I saw the queen laughing as she was pulled into the game, the king clapping his hands as they brought their captive toward the magical ship. She was awash in a sea of children; a score of them pooled around her, singing and dancing in an adorable choir of dryads. The plumes in Henrietta Maria’s helm swept up, red as blood. Unease twisted in me. Somehow, in the dance, the queen had been cut off from everyone save the children and Boku, who was hidden in the serpent’s head.

I prayed he would be able to see her, guard her until she sprang into her guards’ range of vision again. Robin had assured me the sorcerer could break through the slats of wood and plaster that formed the figurehead if he was needed. I knew Boku was armed with more than his skills in necromancy. He had a thin blade bound into his velvet gauntlet. Swift as his reflexes were, I had no doubt he could best any attacker.

The ship shifted, flinging my perch off balance just enough for me to notice something else I had not before. As the serpent’s mouth opened, the void was not filled by the darkness of Boku’s skin, but by a pale smear cut across its middle by a black band.

I grabbed for the watchman’s rattle, but the noise was drowned out in shouts from the crowd, a spate of fireworks exploding in dazzling colors somewhere behind the king.

Everyone spun to see them, sure they were part of the performance. But I knew better as I saw a pimpled face, a scalp plucked bare in patches—two of the apprentices I had seen at the Saracen’s Bane.

I saw something move in the serpent head, glimpsed a flash of what must be steel. Not one of the sentinels was looking at the queen, and I could never climb down the mast in time. I prayed there was another way.

I flung myself against the rail of the crow’s nest with all my might, once, twice. The third time, I heard a telltale crack. I felt it starting to tip as the serpent burst open.

Ware charged toward the queen, a knife in his hand. I heard a murmur from the crowd—people thinking it was part of the masque. Then they gasped in horror as they and the guards realized the threat was real. I saw the king leap to his feet on the dais, cut off from his wife by the crowd. The queen screamed, but the tangle of silk waves bound her. Guards tried to clamber toward her but were blocked by panicked children attempting to escape in a chaos of confusion. No one, not even Will, could reach her in time, even if they trampled the little ones.

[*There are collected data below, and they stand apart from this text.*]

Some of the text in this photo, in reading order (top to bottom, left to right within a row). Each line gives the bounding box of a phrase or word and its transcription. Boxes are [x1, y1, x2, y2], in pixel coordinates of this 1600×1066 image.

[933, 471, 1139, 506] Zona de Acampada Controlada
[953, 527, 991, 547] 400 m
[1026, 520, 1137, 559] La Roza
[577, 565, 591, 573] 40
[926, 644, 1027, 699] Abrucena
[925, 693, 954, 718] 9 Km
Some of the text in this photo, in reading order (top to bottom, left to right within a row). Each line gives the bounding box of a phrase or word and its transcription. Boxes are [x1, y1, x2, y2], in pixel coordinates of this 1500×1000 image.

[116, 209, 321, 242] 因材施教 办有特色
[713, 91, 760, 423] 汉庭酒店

But I might have a chance. The mast was shifting, falling, the ship’s deck rushing up to meet me. At the last instant, I did as Dulcinea had taught me, launching myself toward the figure looming over the queen.

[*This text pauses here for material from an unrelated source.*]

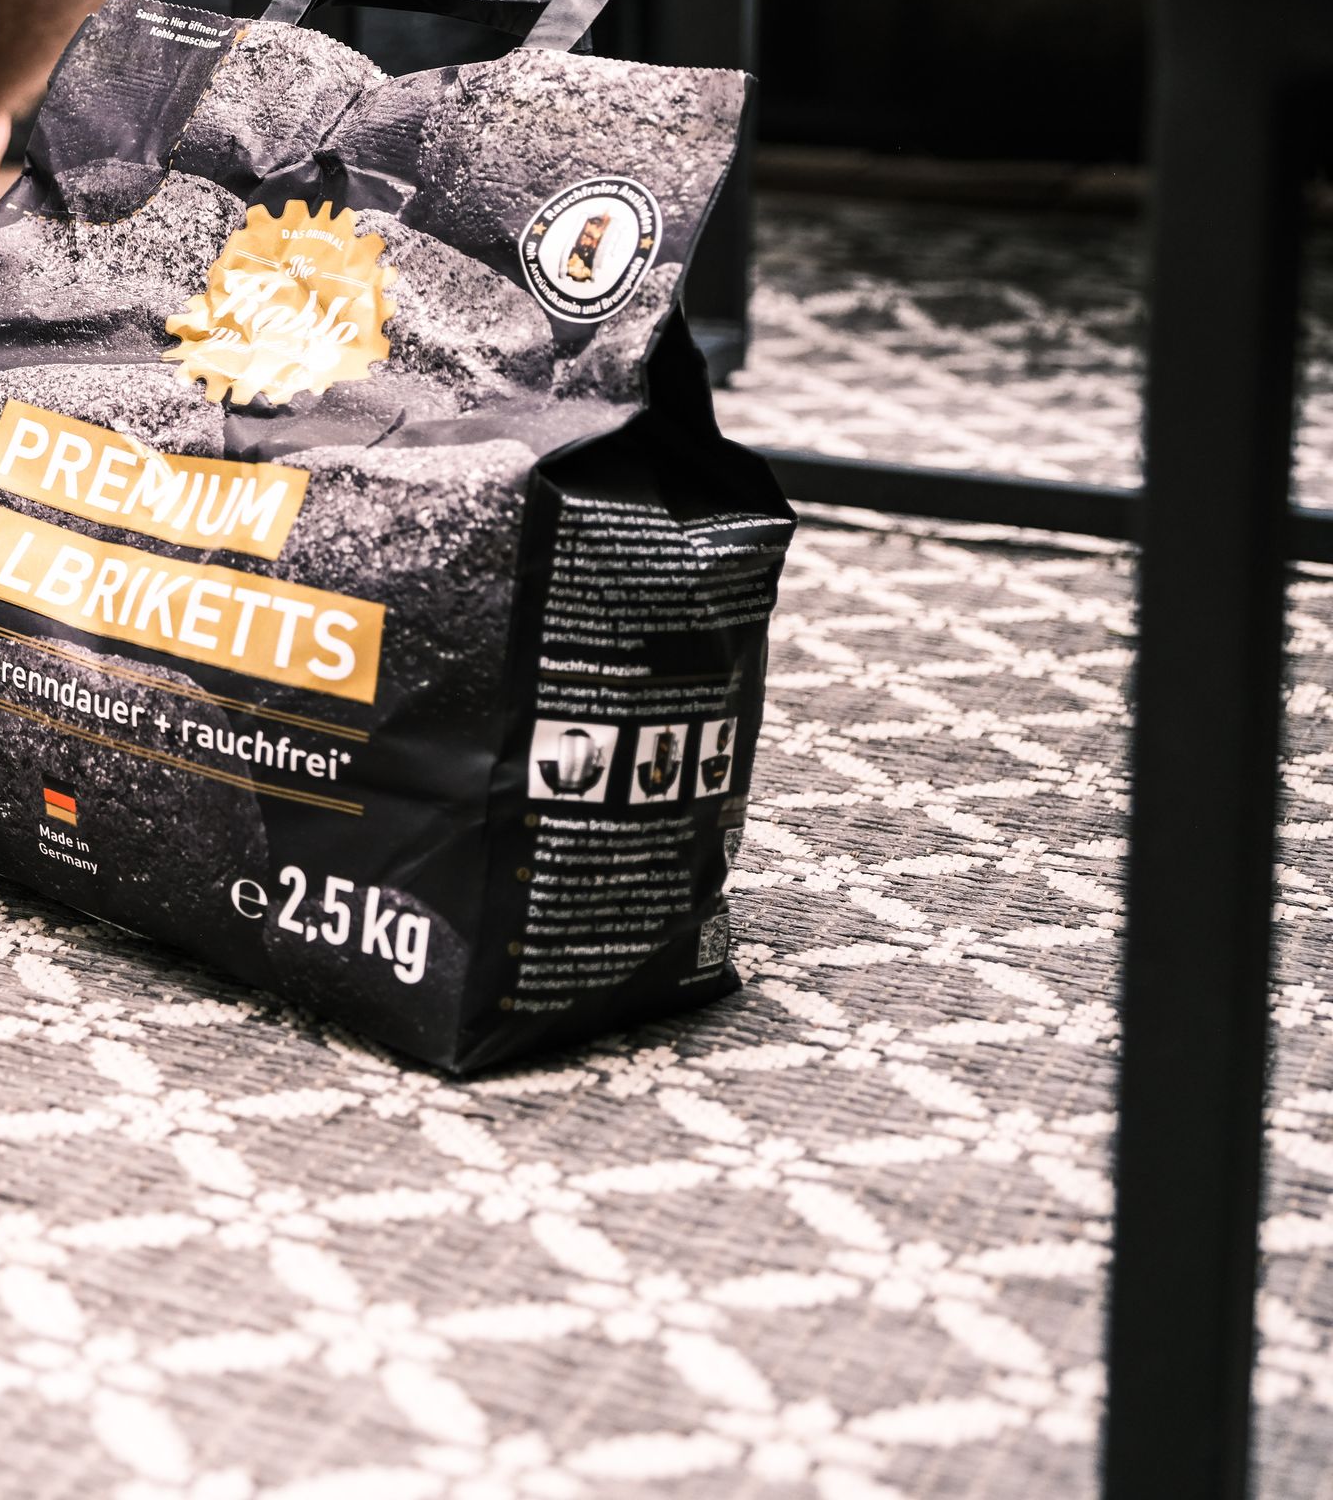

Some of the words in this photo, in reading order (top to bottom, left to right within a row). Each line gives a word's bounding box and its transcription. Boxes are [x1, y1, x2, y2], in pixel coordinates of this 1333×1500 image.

Just as he plunged his dagger, I struck the queen like a cannonball, knocking her out of his way. White-hot pain sliced my right arm, bones in my shoulder seeming to snap.

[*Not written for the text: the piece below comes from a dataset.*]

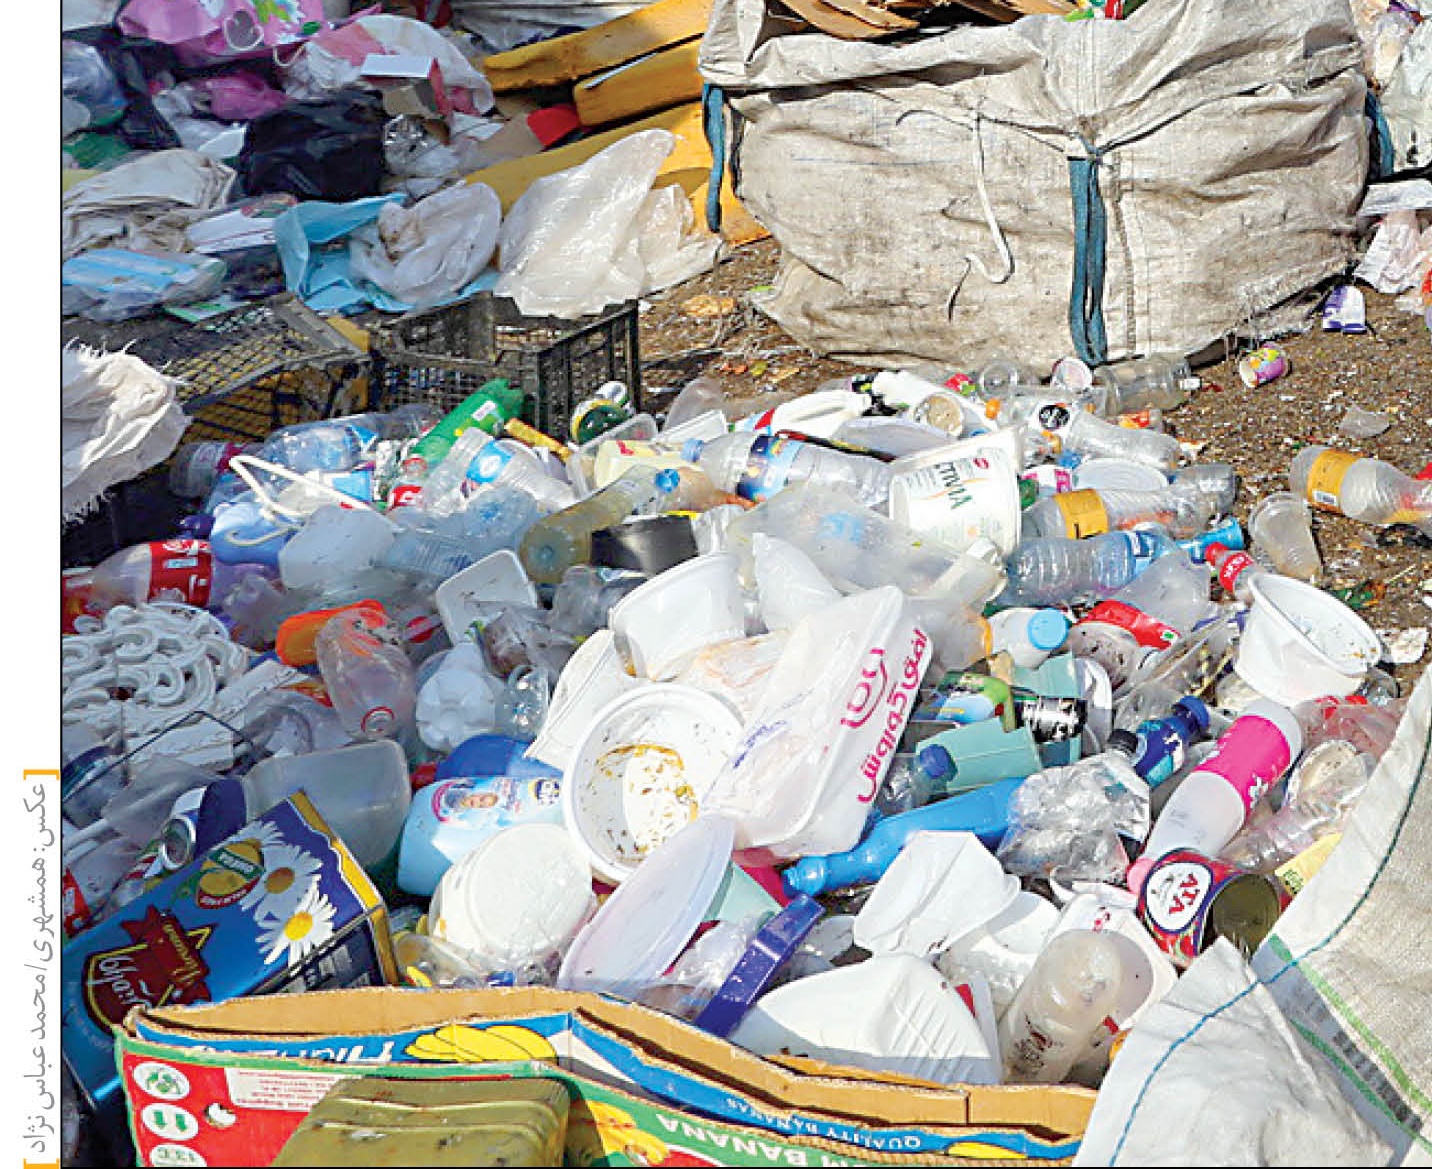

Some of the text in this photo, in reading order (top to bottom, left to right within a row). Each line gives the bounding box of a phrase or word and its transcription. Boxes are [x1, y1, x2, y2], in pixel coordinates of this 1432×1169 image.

[856, 628, 929, 804] افق کوروش
[655, 1113, 808, 1167] BANANA
[723, 1097, 921, 1151] QUALITY BANANAS

I rolled and gained my feet, Ware towering over me, his eye patch torn off. Looking off in the distance, I saw Will thundering toward me through a sea of frightened children. I had to buy him time to reach the queen.

I heard the king shouting, glimpsed Charles trying to push through the mass of people as I groped for my sword. Pain seared through the wound in my shoulder, making it impossible for my right hand to draw the sword from the scabbard. I tried to use my left, but my arm was too short and the blade too long to get free, the hilt snagging under my arm. I could see the queen’s eyes, dark and filled with terror.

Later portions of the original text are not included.